I anticipate my neuroticism continuing to drop as I continue to cultivate stoic mental habits. However, I doubt it will drop much farther, or at least not for long. That’s because I also want to cultivate conscientiousness, which requires some amount of intolerance for substandard states.
In this chart, my Openness is reported as slightly reduced, but that’s only due to the aforementioned appearance of standards. I’m being more careful about which experiences to have (in the short term), because I care about directing myself through a long term growth arc. However, I am in a sense maximally open to experience. That is, in the long run, I want to inhabit the broadest range of possible human experiences. I want to understand the extent of the human mind, to the degree that I can, and part of that is investigating the range of qualia it can instantiate.
The only thing popularly considered good that I’m trying to bring down is Agreeableness, which seems to be somewhat working, as my agreeableness is now in the ‘mere’ 80s. I think that my target level is about 70th percentile. High enough that I consistently lean toward cooperation and good faith and treating others well. But I don’t want to be hyper conflict averse and I don’t want to take shit. Being small and inoffensive and never taking up space is no longer my aspiration.
Also, shout out to a few weeks back, when I was posting on Tumblr about looking for a therapist who might help me to develop a healthier approach to life over the course of a several weeks. At the time, I thought that hoping to have my life on track after three months of therapy was overly optimistic, even though I needed to improve at that rate.
And now, one month later, I’m fist-pumping to my top-quintile consientiousness, while going about setting my life in order in all directions. Oh, and I kind of got distracted priority-wise during this time, so I still haven’t found a therapist. Whoops. I still think it would be a good idea for me to find one. It’s just – apparently once I was the kind of person who would systematically look for a therapist, I became quite capable of healing myself.
At first I was leaning against saying anything, but since this post you’ve made a second one in which you also treat conflict-aversion as a form of hyper-agreeableness, so:
I was so surprised by this that I wondered if maybe we’d taken different OCEAN tests, but your link looks like it may in fact be *exactly* the one I took.

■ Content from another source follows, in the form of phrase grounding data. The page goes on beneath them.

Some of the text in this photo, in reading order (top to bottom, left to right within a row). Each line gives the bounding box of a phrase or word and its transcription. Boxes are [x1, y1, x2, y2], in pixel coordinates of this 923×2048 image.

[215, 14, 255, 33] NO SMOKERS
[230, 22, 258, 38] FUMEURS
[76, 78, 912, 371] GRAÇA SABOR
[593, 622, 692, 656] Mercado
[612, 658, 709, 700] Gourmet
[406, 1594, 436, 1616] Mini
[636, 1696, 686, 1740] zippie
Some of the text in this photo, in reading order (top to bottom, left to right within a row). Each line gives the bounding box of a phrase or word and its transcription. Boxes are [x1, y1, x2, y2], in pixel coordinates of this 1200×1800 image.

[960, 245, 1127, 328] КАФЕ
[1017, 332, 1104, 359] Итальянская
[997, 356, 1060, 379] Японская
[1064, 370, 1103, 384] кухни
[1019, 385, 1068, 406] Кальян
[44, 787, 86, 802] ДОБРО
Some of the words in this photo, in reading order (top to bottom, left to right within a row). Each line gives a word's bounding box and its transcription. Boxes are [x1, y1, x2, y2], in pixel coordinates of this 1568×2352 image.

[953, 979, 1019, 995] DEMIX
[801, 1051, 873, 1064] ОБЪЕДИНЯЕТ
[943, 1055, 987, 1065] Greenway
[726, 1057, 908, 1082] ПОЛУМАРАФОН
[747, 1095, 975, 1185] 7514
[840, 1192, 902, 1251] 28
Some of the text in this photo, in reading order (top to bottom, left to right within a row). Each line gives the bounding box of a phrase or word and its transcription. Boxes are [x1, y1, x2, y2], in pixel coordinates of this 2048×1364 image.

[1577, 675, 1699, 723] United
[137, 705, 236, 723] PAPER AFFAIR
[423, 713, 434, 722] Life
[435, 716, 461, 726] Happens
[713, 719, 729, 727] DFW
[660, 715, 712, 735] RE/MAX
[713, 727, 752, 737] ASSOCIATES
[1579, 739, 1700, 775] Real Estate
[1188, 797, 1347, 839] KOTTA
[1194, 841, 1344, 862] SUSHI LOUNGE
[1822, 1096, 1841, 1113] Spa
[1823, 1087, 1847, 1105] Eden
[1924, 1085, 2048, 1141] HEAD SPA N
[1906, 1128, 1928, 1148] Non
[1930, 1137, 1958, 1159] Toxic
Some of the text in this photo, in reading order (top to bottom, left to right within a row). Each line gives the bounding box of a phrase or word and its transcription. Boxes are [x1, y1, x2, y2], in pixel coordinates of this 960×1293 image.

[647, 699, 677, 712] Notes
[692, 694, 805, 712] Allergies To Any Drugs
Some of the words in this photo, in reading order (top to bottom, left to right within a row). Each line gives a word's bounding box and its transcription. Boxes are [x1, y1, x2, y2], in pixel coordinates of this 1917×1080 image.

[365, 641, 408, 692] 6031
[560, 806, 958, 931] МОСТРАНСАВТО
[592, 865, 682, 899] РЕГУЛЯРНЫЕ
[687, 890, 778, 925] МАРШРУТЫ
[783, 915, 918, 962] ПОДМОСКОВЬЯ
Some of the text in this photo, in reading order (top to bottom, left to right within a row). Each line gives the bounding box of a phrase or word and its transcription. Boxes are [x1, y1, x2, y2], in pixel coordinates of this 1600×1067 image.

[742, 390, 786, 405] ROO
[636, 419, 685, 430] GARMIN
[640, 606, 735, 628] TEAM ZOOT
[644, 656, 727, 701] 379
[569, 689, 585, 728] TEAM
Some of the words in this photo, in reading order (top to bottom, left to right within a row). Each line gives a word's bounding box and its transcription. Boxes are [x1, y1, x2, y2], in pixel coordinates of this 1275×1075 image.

The questions on that test that look like they might be involved in the Agreeable stat pretty much boil down to “How much do you want to fight people?” and “How much do you care about others’ well-being for its own sake?”
I said that I often want to fight people† and that I’m uncertain whether I care about other people’s well-being for its own sake††, and that’s how I ended up with a 12th percentile Agreeableness score despite being highly conflict-averse.
(I tried again using your link, and this time I got 14th percentile.)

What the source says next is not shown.